La personne aux 2 personnes (2007) fut pour beaucoup une vrai découverte cinématographique, au même titre que Steak (2006) de Quentin Dupieux. Humour nonsensique, renversement des codes de communication, détournements assumés de films d’entreprise et, en même temps, derrière ce registre soutenu se cache une vraie réflexion sur le monde du travail. Rencontre avec Nicolas Charlet et Bruno Lavaine dont les messages à caractère informatif furent de petites merveilles situationnistes sur Canal Plus, avec bon nombre de personnages cultes (comme les fameux Berthier, Ranu ou Leguélec..). Rencontre donc avec les meilleurs éléments de la COGIP qui font un retour à dents longues avec Vampires en toute intimité. Interview aux… deux personnes. Ou peut-être est-ce un hydre à deux têtes pensantes?
Bonjour Nicolas et Bruno. Mais bon sang, qu’est-ce que vous avez contre le céleri rémoulade vous ne l’épargniez pas dans La personne aux deux personnes. Moi, j’aime ce plat à la cantine, y en a cette semaine d’ailleurs…

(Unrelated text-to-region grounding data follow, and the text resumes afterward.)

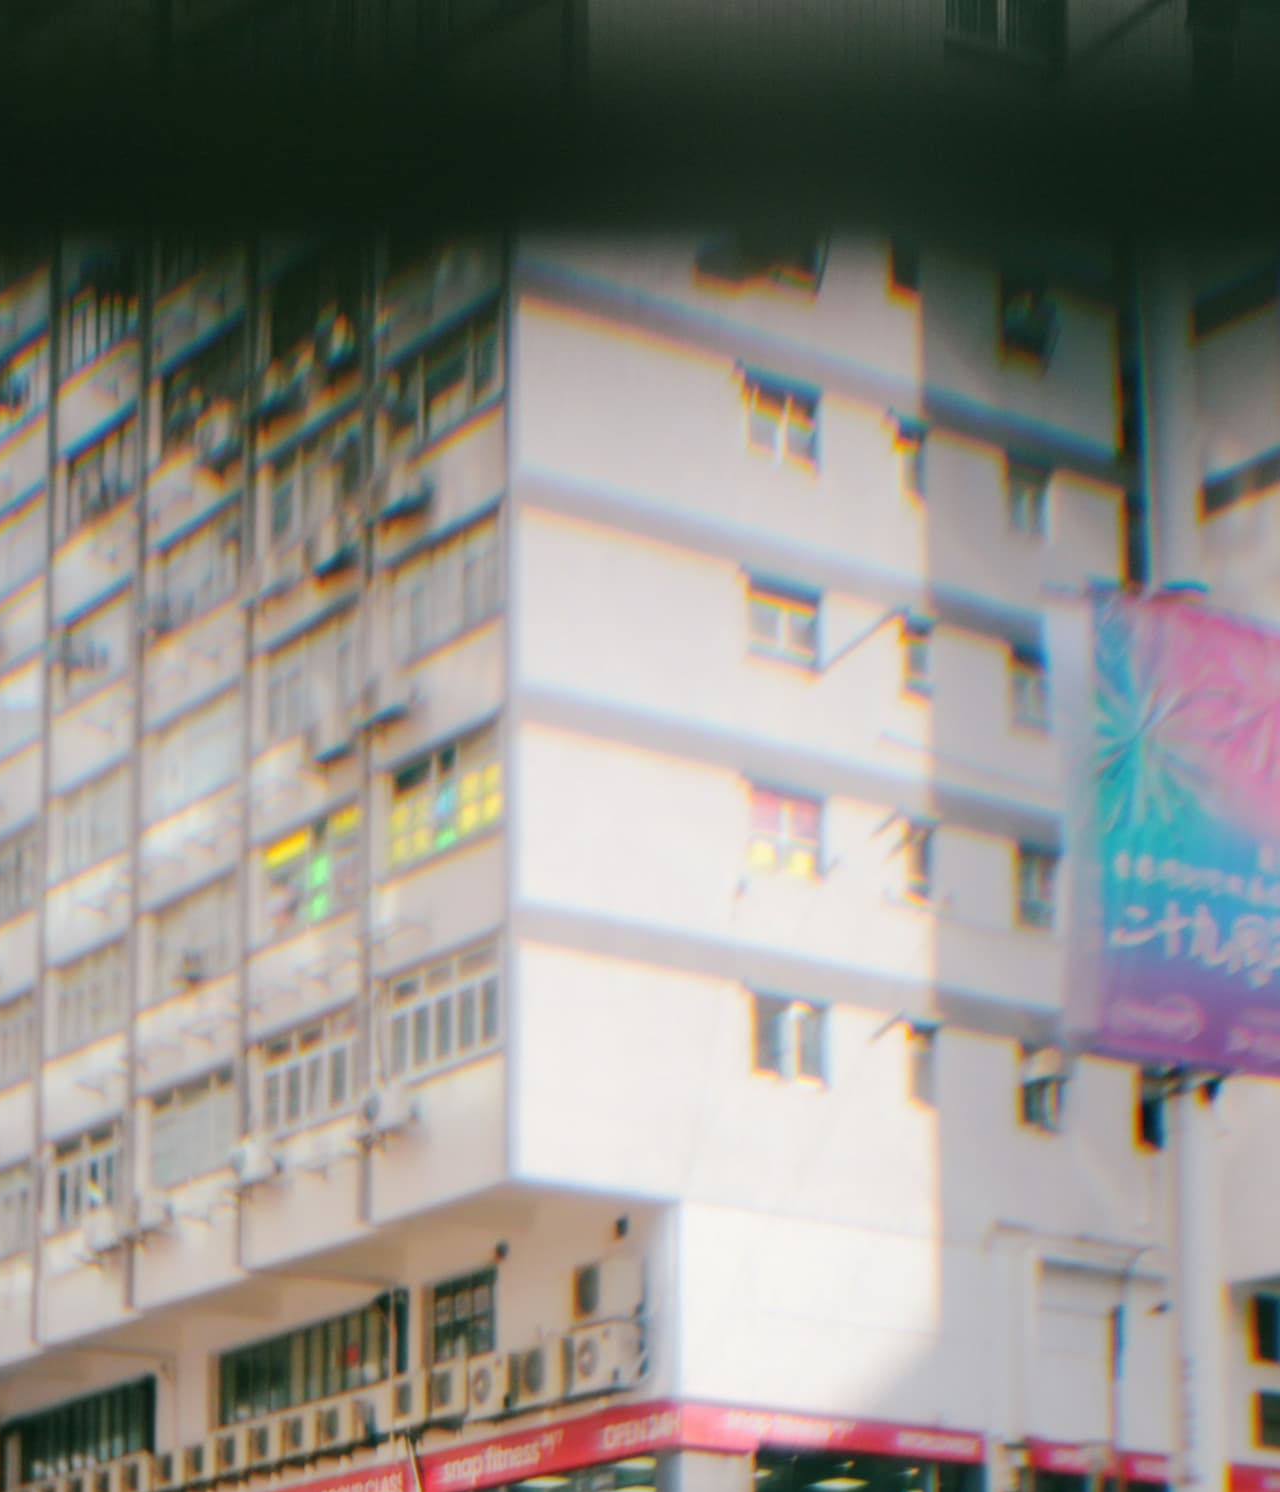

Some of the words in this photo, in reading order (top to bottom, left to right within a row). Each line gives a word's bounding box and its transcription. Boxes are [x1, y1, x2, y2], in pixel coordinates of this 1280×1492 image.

[603, 1416, 648, 1448] OPEN
[445, 1456, 483, 1485] snap
[485, 1443, 541, 1476] fitness
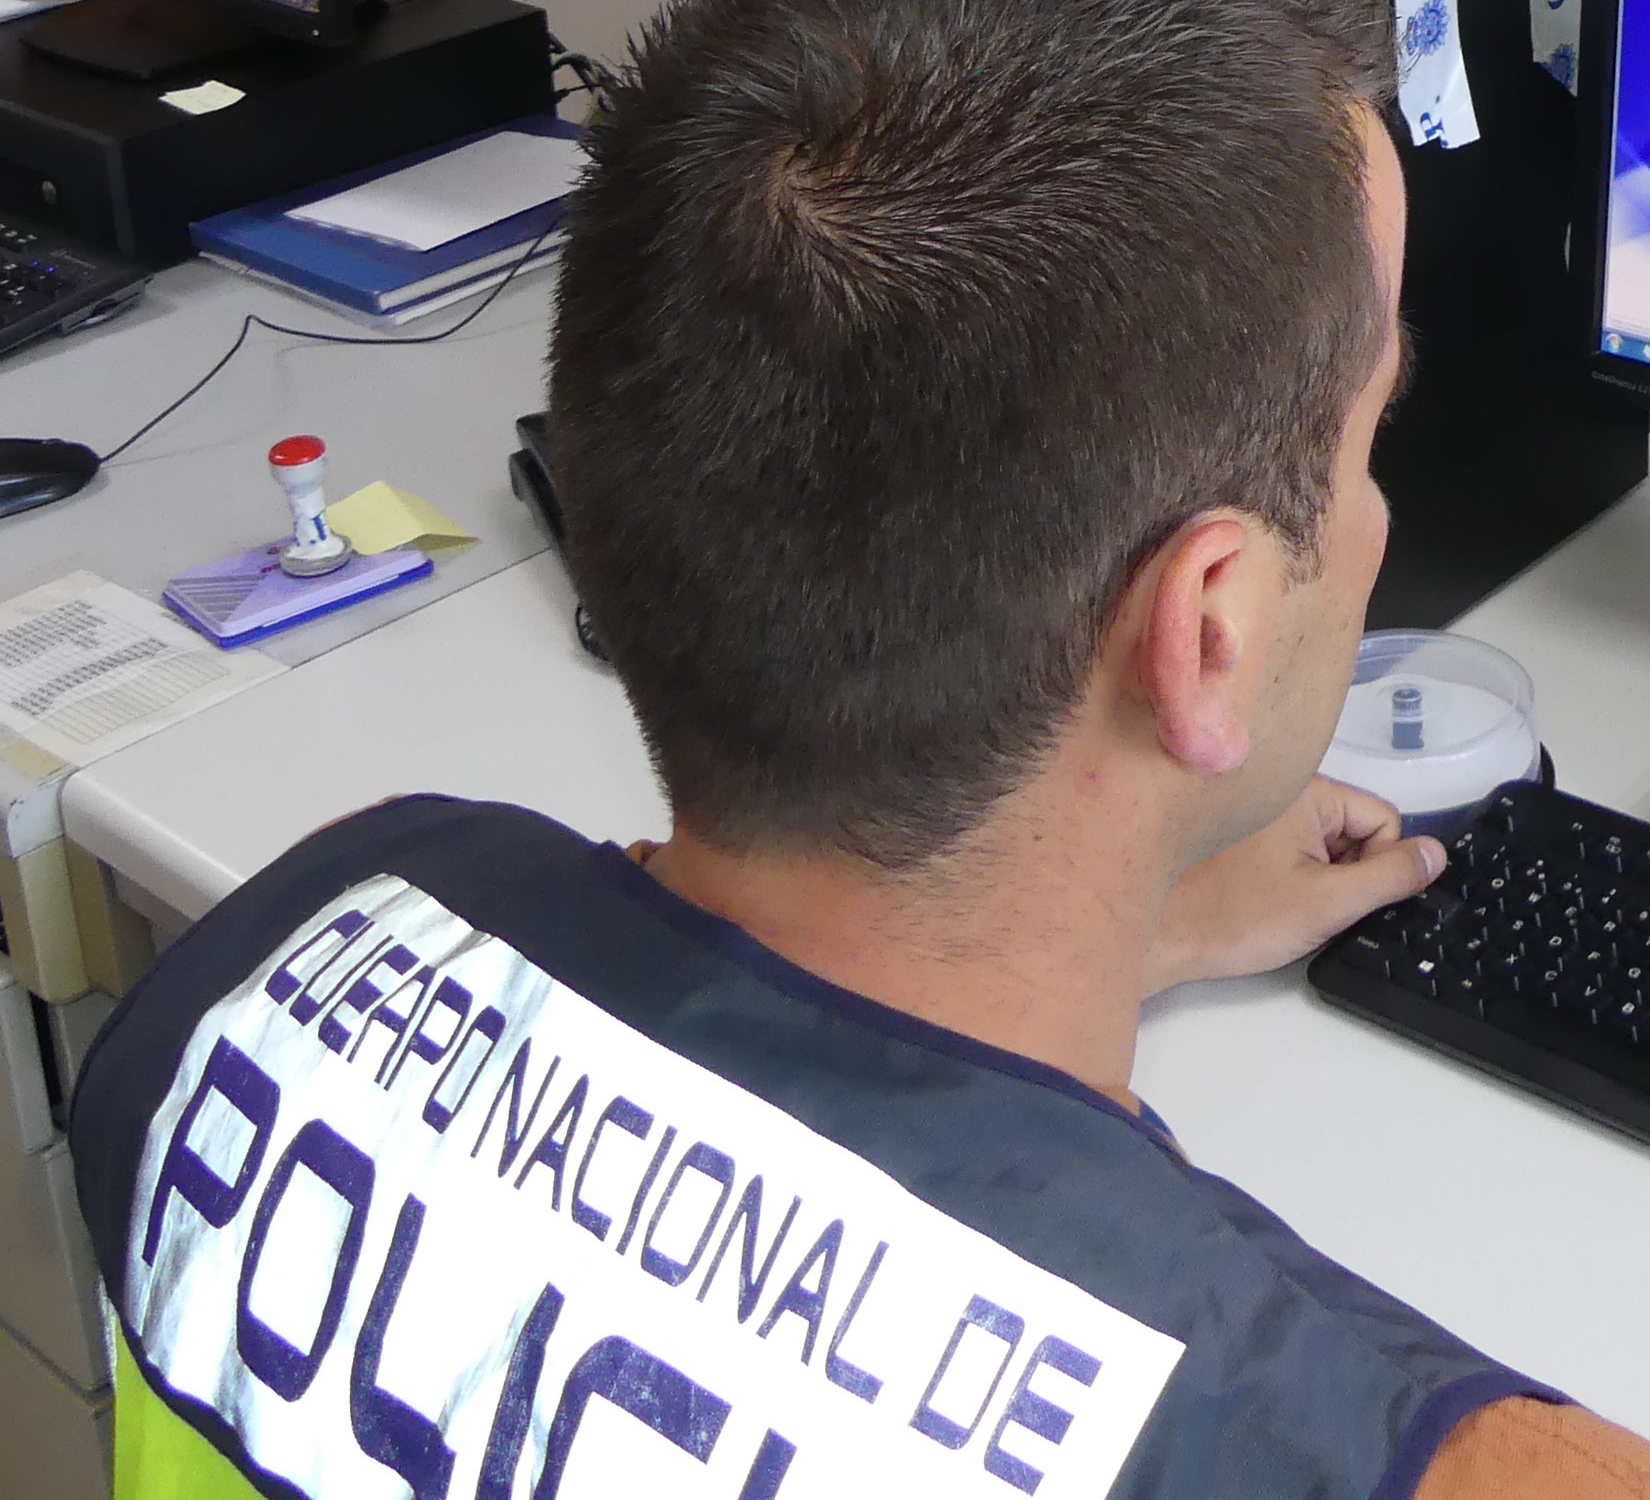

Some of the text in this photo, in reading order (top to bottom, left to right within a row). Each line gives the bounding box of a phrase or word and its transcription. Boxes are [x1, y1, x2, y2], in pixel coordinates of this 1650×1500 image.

[265, 908, 1103, 1497] CUERPO NACIONAL DE

Attention Dominique que les choses soient bien claires: nous n’avons absolument rien a priori contre le céleri rémoulade. C’est simplement que c’est un plat immonde c’est tout. On nous a forcés à en manger pendant des années, et maintenant on se venge, c’est aussi simple que ça. Mais attention ça n’est pas à l’individu Céleri, ni à l’individu Rémoulade que l’on s’en prend, c’est à son concept, dans sa globalité. C’est pour ainsi dire le combat de notre vie.
Vous avez dirigé Daniel Auteuil dans « la personne aux 2 personnes ». Était-ce pour faire hommage à son début de carrière cinématographique, ces comédies à la française du style « t’empêches tout le monde de dormir » ou « les sous-doués »…
Oui, c’est complètement ça. Et même plus qu’un hommage, c’était une énorme envie de le retrouver dans ce genre de jeu! Ce qu’il faisait dans ses comédies des années 80, il était magnifique! Ce sont des films qui coulent dans nos veines, sur lesquelles on s’est rencontrés tous les deux quand on était au Lycée, que ce soit « Clara et les chics types » ou « Pour Cent Briques t’as plus rien » qu’on a vu 275 fois et qu’on érige tout simplement au rang de chef d’oeuvre. On croisait dans ces films des acteurs au talent immense qui prenaient leur pied, sans complexe, sans calcul, ils prenaient… du plaisir!!! Et à regarder, c’est totalement jubilatoire!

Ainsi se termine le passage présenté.